A NEGLECTED historical landmark in Cirencester is soon become a vibrant part of the community.

The Roman Amphitheatre, based near Chesterton and only a ten minute walk from Cirencester town centre, has been sitting unused for years.

Built in the early 2nd century with a capacity of 8,000 people, it remains one of the largest Roman amphitheatres in Britain.

It was a prominent part of the Roman city of Corinium, now Cirencester, which was then the second largest and most important city in Britain, after London.

The amphitheatre is often referred to as “hard to find” but Cirencester Town Council plans to change that with a brand new masterplan.

A footpath will be created from the Corinium Museum, Querns Wood will be opened as a community woodland and an eco centre will be created for schools and community groups to use.

“The amphitheatre is a strategically important green space,”said town council chief executive Andrew Tubb.

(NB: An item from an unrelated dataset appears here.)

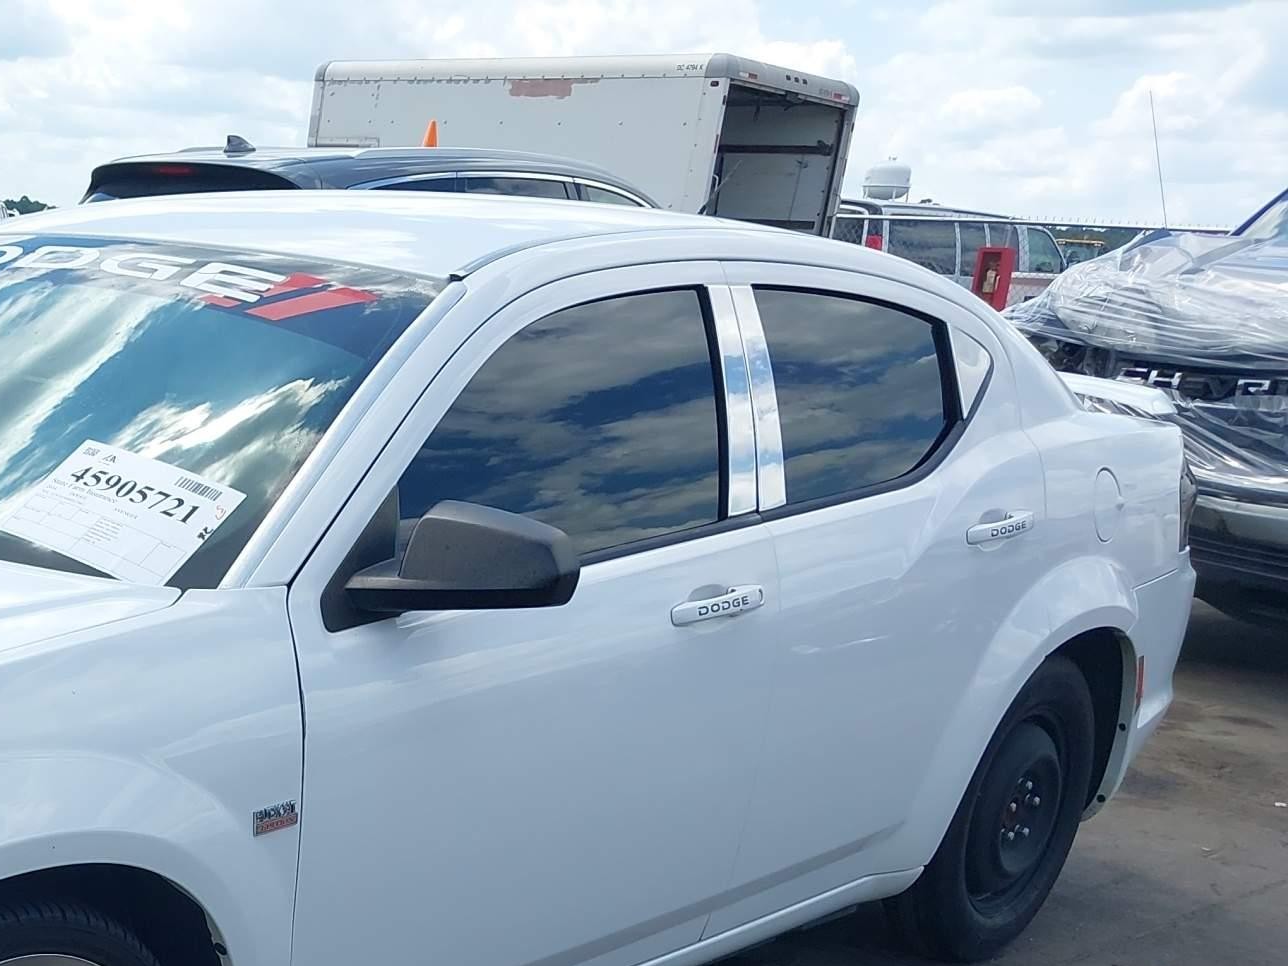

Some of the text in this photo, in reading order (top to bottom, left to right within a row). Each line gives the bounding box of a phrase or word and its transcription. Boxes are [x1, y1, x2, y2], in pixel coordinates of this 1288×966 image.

“We’ve been working for quite a while now with various stake holders on this plan. We plan to have gateways into the complex connecting to the town as well as an education zone, adventure zone and discovery zone where visitors can explore spaces with archaeological importance.”

“We’re coming back in July with the final draft but need to make a timeline for delivery, costings and more information on funding.”

The project masterplan also includes creating an event space at the Amphitheatre, temporary event parking, a new and appealing entrance to the complex, and opening up the nearby Querns Wood for volunteering opportunities.

The Whereat Trail, named after former Cirencester mayor Norman Whereat, will be built as a pedestrian route from the Corinium Museum to the Amphitheatre complex to make the area easier to find.